With offset mortgages, your mortgage account runs alongside all your other accounts, and the net balance for all the accounts is calculated, normally on a daily basis. The interest is then worked out on the overall total you have in your accounts. All the interest you have earned from your savings and current accounts goes straight into your mortgage account.
Less interest means lower monthly mortgage payments as well and a flexible term of the home loan usually between 5 and 25 years. Other favorable features include overpayments and underpayments; additional borrowing to an agreed upper limit; payment holidays; daily interest calculations; the ability to transfer the mortgage to another property; a choice between capital and interest or interest-only repayment types.
However, a higher rate of interest is normally charged on this type of home loan than for standard mortgage products. If you tend to keep a low balance in your current account and have little in the way of savings, the benefits you get from combining the accounts may be too small to outweigh the extra cost of the offset mortgage. You also need to be efficient with keeping track of your financial outgoings. Borrowers should therefore carefully assess whether this type of product is right for them before applying. Unbiased advice should be sought from an independent broker if there is any doubt.

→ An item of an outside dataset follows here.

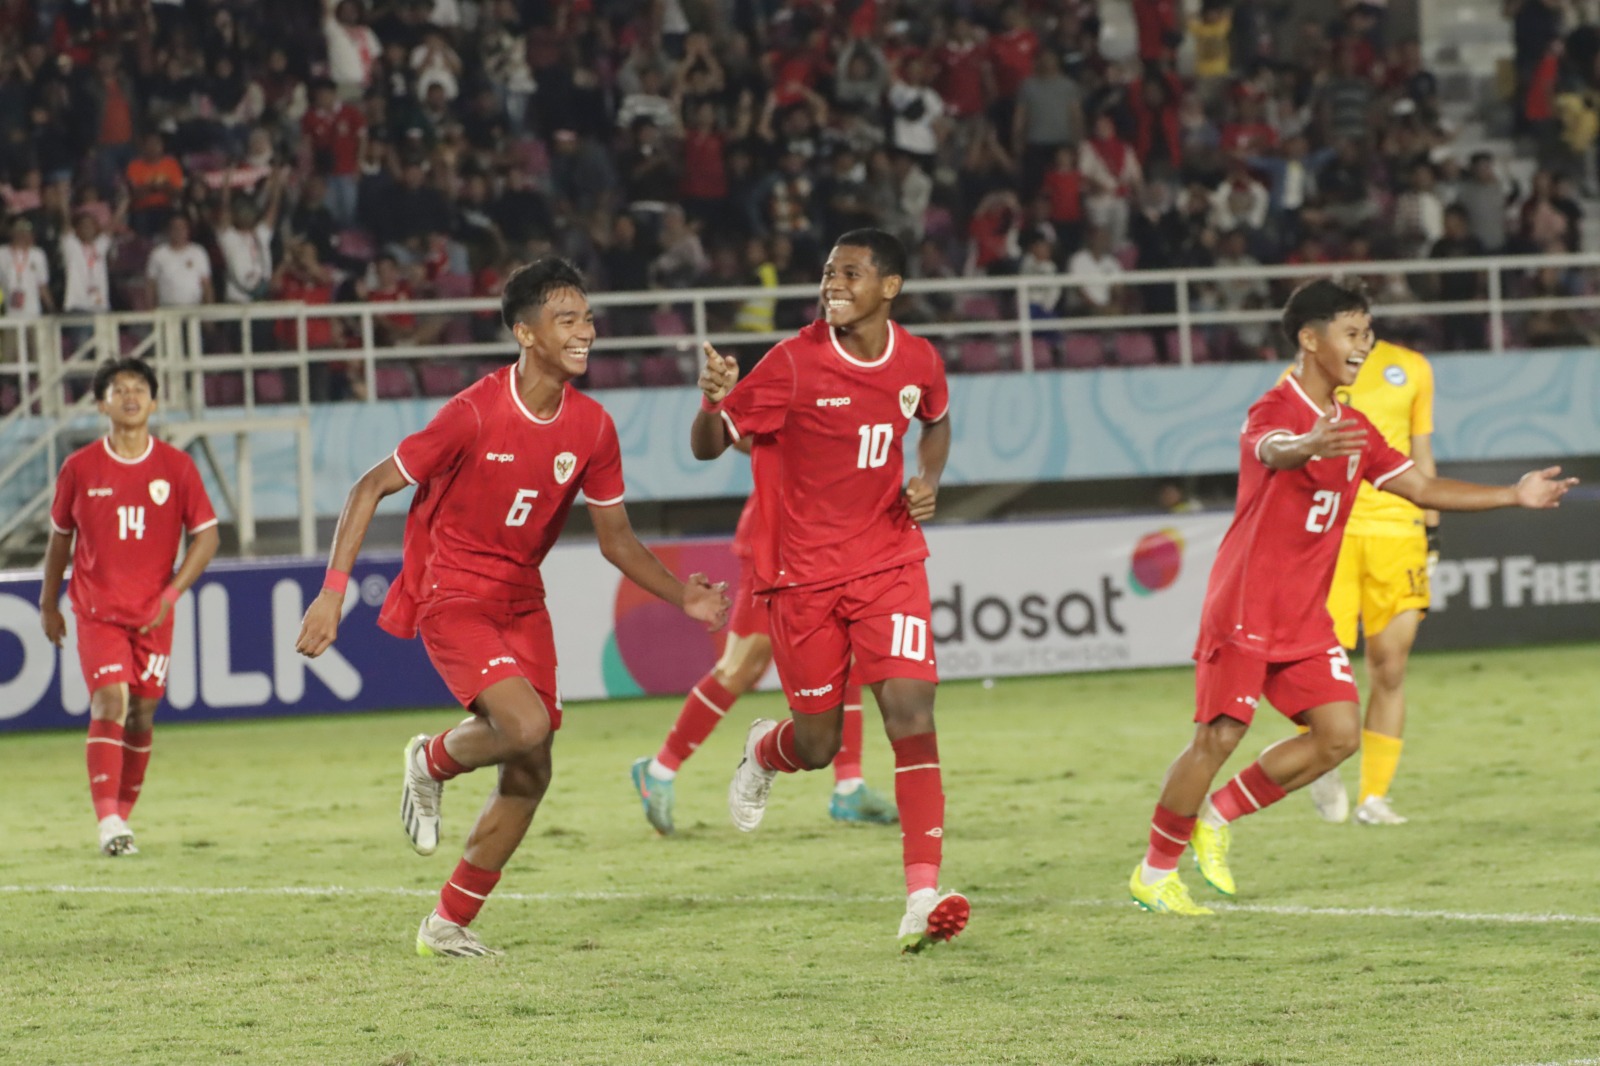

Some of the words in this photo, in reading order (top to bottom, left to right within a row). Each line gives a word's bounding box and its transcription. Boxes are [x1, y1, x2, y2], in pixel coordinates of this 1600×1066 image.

As with most mortgages there are variations around this theme, such as a current account mortgage. Your salary is paid directly into your mortgage account where it immediately reduces your mortgage balance. You can then draw against the account for your normal spending as you would with an ordinary account. The mortgage balance and interest is calculated daily, so even if money were left in your account for a short period, it would still have some positive impact on the cost of your mortgage.